In the records below, print each line exactly and leave every image out.

---------- Records for the exercise ----------

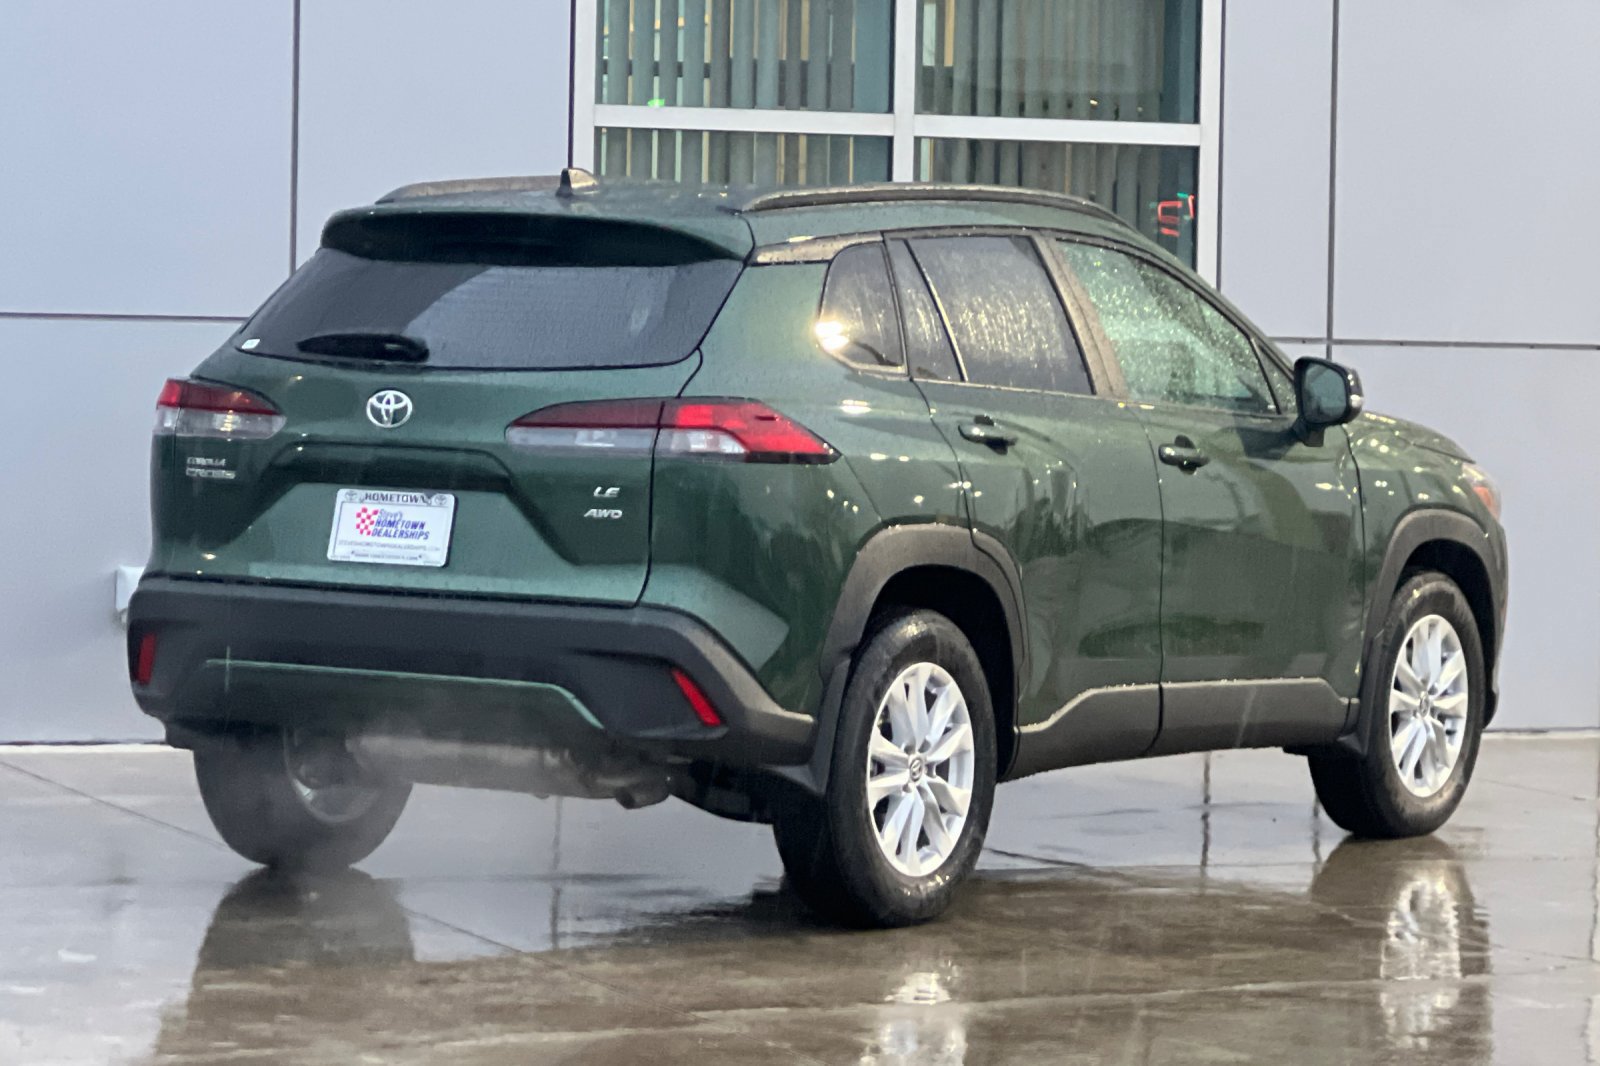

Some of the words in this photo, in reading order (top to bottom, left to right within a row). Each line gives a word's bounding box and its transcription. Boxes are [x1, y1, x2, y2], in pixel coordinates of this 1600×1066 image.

[593, 486, 620, 498] LE
[583, 508, 623, 519] AWD
[375, 518, 426, 530] HOMETOWN
[371, 528, 430, 541] DEALERSHIPS
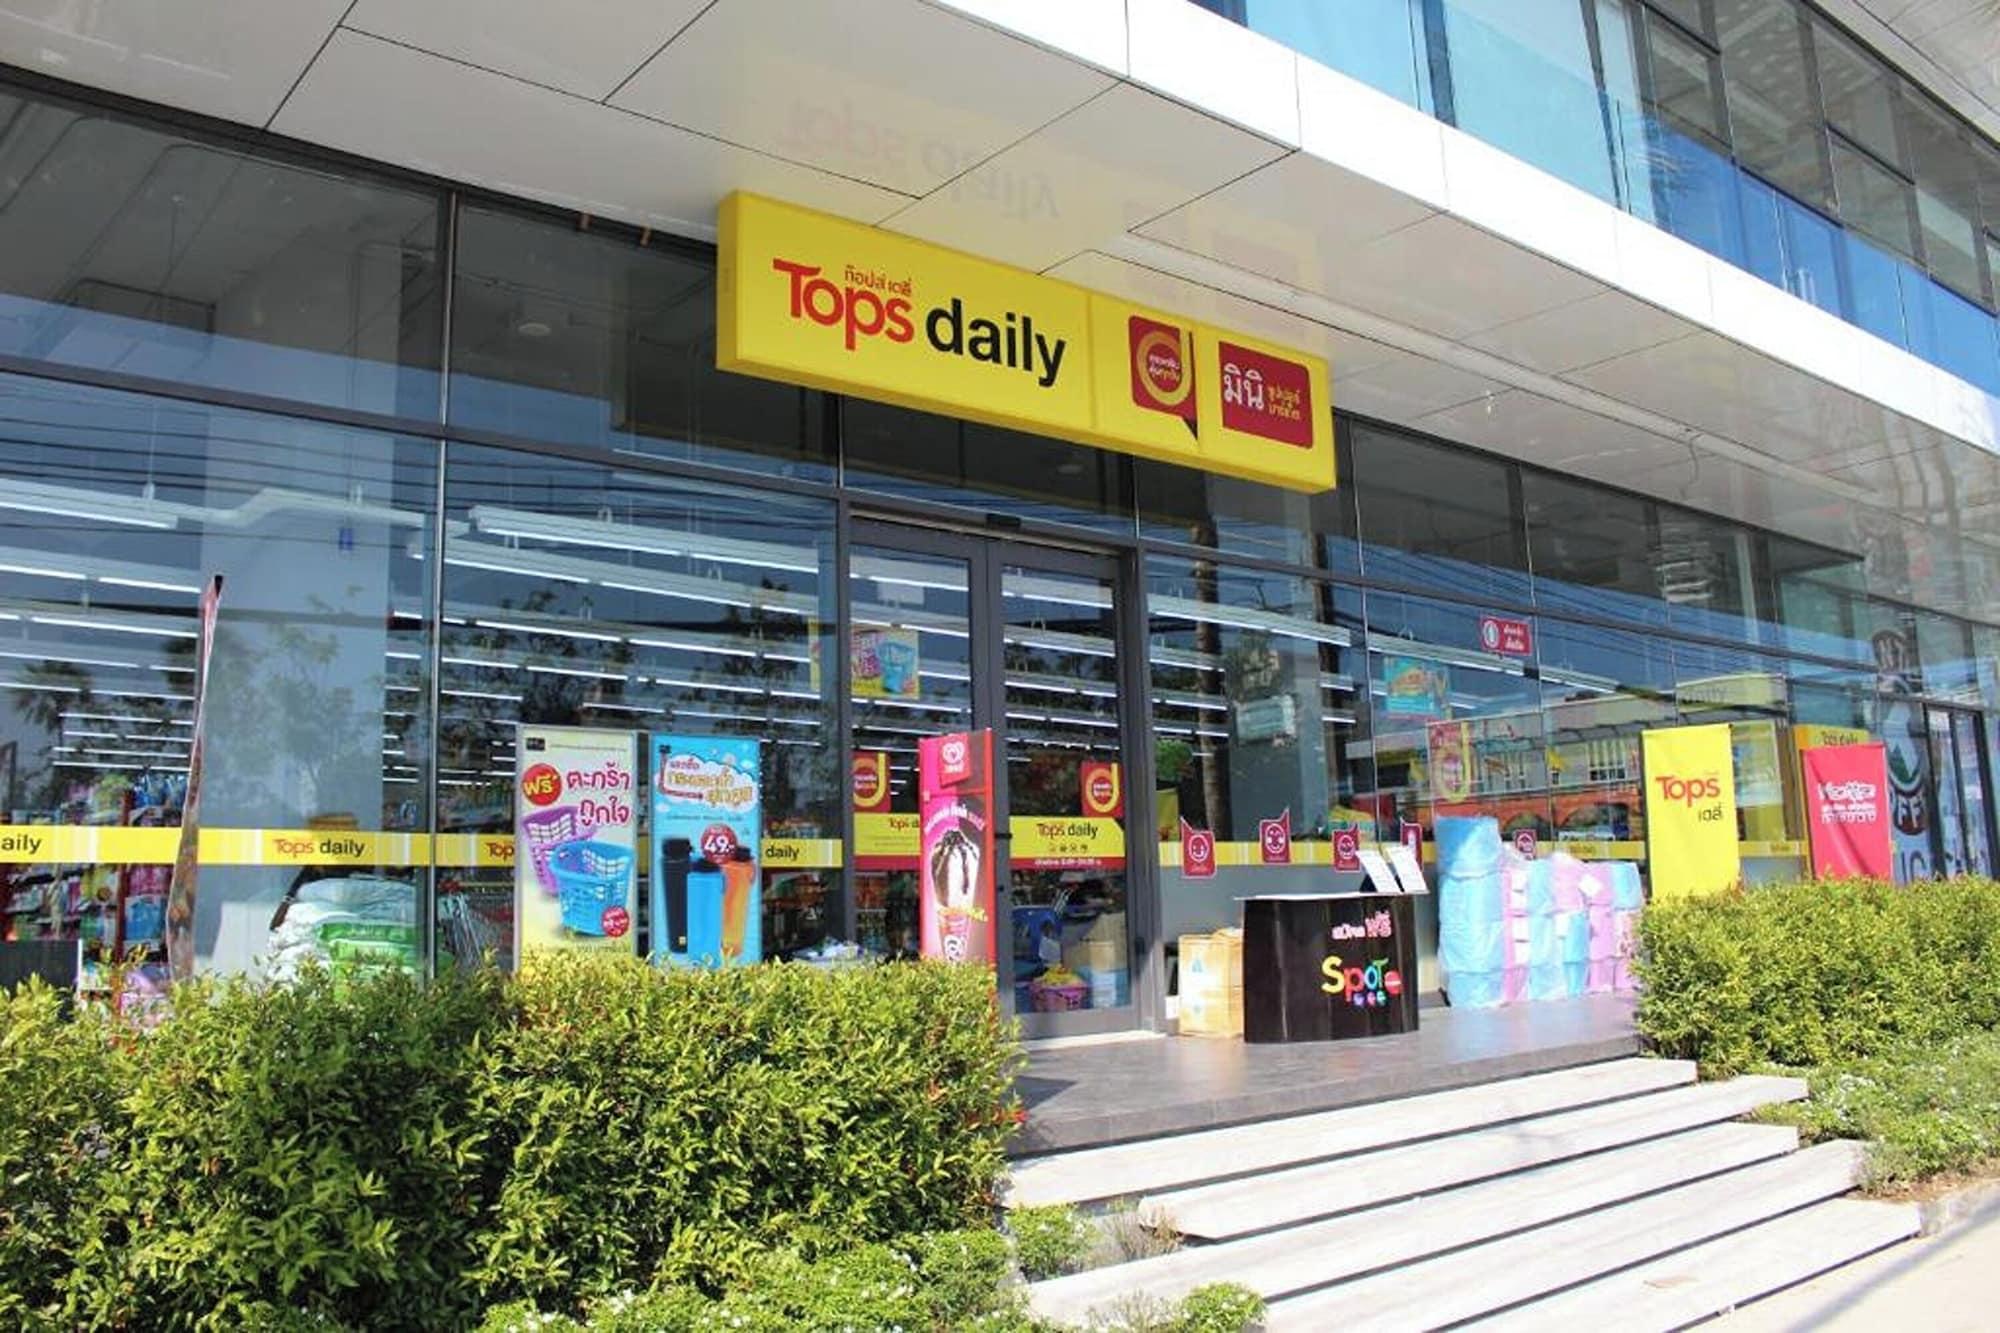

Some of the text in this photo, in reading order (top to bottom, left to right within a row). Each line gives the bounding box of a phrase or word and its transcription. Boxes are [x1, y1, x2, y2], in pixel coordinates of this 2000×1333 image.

----------

→ Written reply:
Some of the words in this photo, in reading order (top to bottom, left to right within a row). Each line gives a word's bounding box and its transcription. Boxes are [x1, y1, x2, y2], in pixel coordinates of this 1600×1066 image.

[593, 486, 620, 498] LE
[583, 508, 623, 519] AWD
[375, 518, 426, 530] HOMETOWN
[371, 528, 430, 541] DEALERSHIPS

Some of the text in this photo, in reading order (top to bottom, left to right within a row). Each line gives the bounding box of a phrase or word and its transcription. Boxes are [x1, y1, x2, y2], in pixel coordinates of this 2000×1333 image.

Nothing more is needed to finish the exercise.